Rusia observa ahora el propósito reiterado de Ucrania, desgajada de la URSS, de integrarse en la OTAN y prevé el de Estados Unidos de desplegar armamento nuclear en la frontera meridional rusa. Moscú se siente amenazado y se apresta a impedir tal integración y potencial despliegue armamentístico en su bajo vientre, mediante un despliegue militar en la zona, supuestamente acorde con la amenaza percibida. Amenaza que percibe también desde Polonia y Rumanía, integradas en la OTAN pese a los citados compromisos occidentales incumplidos.

Por ende, la situación así generaba va sin duda a atizar de nuevo el frenesí del secreto estatal, privando a los moradores europeos de averiguar qué es lo que se trama en su contra. Como dicta el sentido común, una nueva guerra, otra vez en Europa, aunque ahora con armas nucleares en presencia, es inadmisible de todo punto. No hay interés alguno en Europa por avalar esa nueva guerra cuyos efectos pueden ser de una letalidad insospechada. Bastantes masacres, con más de cien millones de muertes en las dos contiendas mundiales, sufrió ya este atribulado continente a lo largo del siglo XX.

Exijamos pues a los Estados de Europa que satisfagan los intereses mayoritarios de la población europea a favor de la paz y del arreglo pacífico de los conflictos que, en verdad, existan. Pidámosles que desconfíen de los supuestos aliados transoceánicos, los que exigen a España comparecer militarmente en escenarios tan peligrosos como los que ahora se abren en el Este de Europa, con el riesgo potencial de recibir daños irreparables no solo nosotros, sino todo el continente. Lo más chocante es que mientras se aprestan a desencadenar allí, aliados mediante, una guerra de alcance inimaginable, se dedican simultáneamente, en nuestra propia retaguardia, a armar escandalosamente a un arrogante vecino: lo ceban con armamento de última generación de manera tan irresponsable como para contribuir a crear aquí una situación semejante a la que allí, en el área oriental de Europa, contribuyeron a generar y hoy vemos atizar allí tan inquietantemente.

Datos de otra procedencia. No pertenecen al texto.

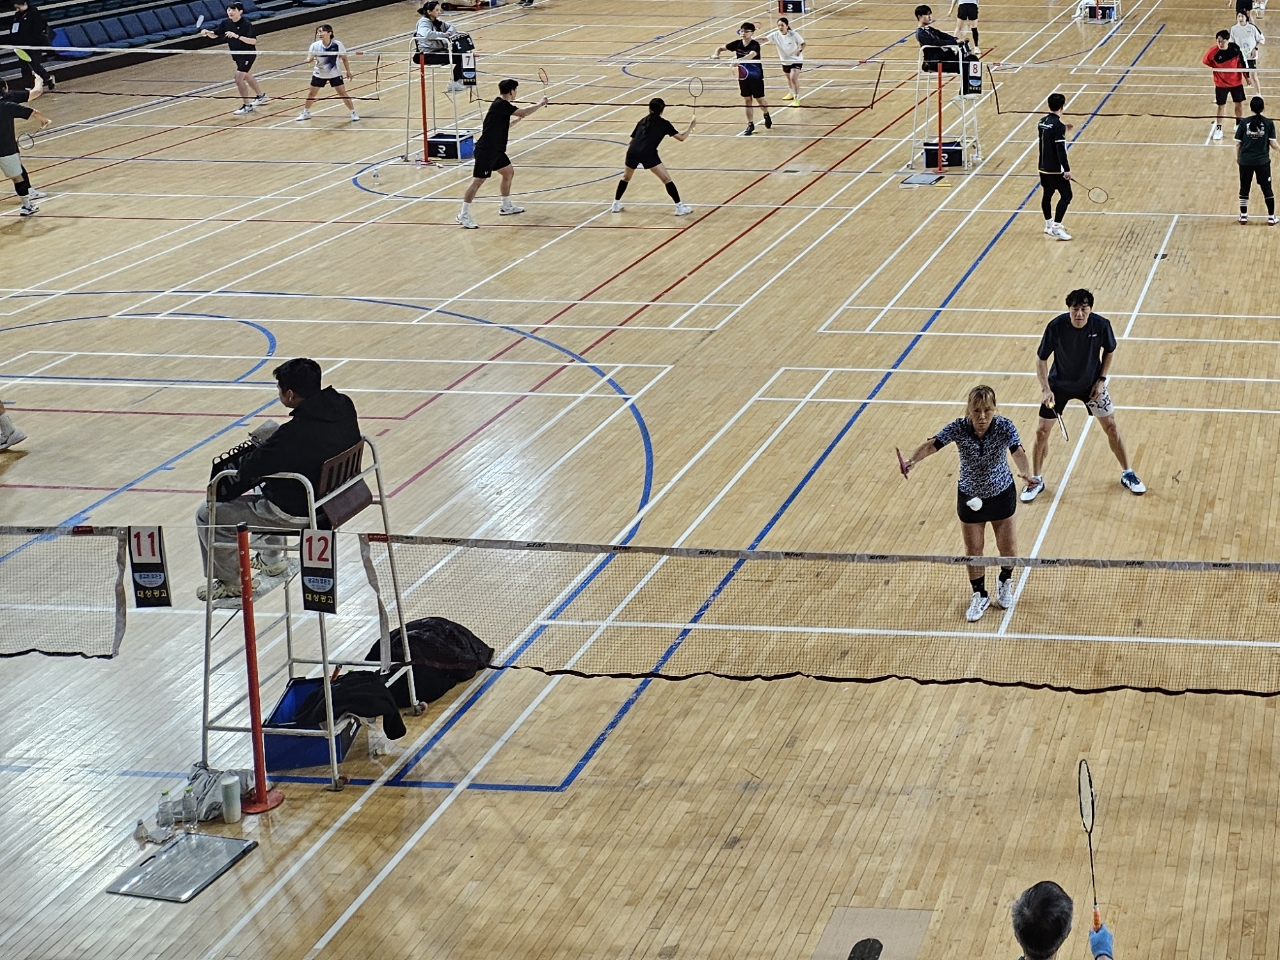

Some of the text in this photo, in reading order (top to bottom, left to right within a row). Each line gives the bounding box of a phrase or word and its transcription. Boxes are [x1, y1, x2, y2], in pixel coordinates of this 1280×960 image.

Confiemos en los servicios de información europeos, que proveen a los Estados continentales de conocimientos aptos para decidir, suministren a sus empleadores información suficiente, veraz y contrastada. Y que con ella consigan disuadirles de embarcarse en aventuras bélicas indeseables, al permitirles comprobar que, en una futura guerra europea, no solo la muerte de decenas de millones de personas se da por descontada sino también, que el propio futuro de la Humanidad se verá gravísimamente comprometido.

Rafael Fraguas (1949) es madrileño. Dirigente estudiantil antifranquista, estudió Ciencias Políticas en la UCM; es sociólogo y Doctor en Sociología con una tesis sobre el Secreto de Estado. Periodista desde 1974 y miembro de la Redacción fundacional del diario El País, fue enviado especial al África Negra y Oriente Medio. Analista internacional del diario El Espectador de Bogotá, dirigió la Revista Diálogo Iberoamericano. Vicepresidente Internacional de Reporters sans Frontières y Secretario General de PSF, ha dado conferencias en América Central, Suramérica y Europa. Es docente y analista geopolítico, experto en organizaciones de Inteligencia, armas nucleares e Islam chií. Vive en Madrid.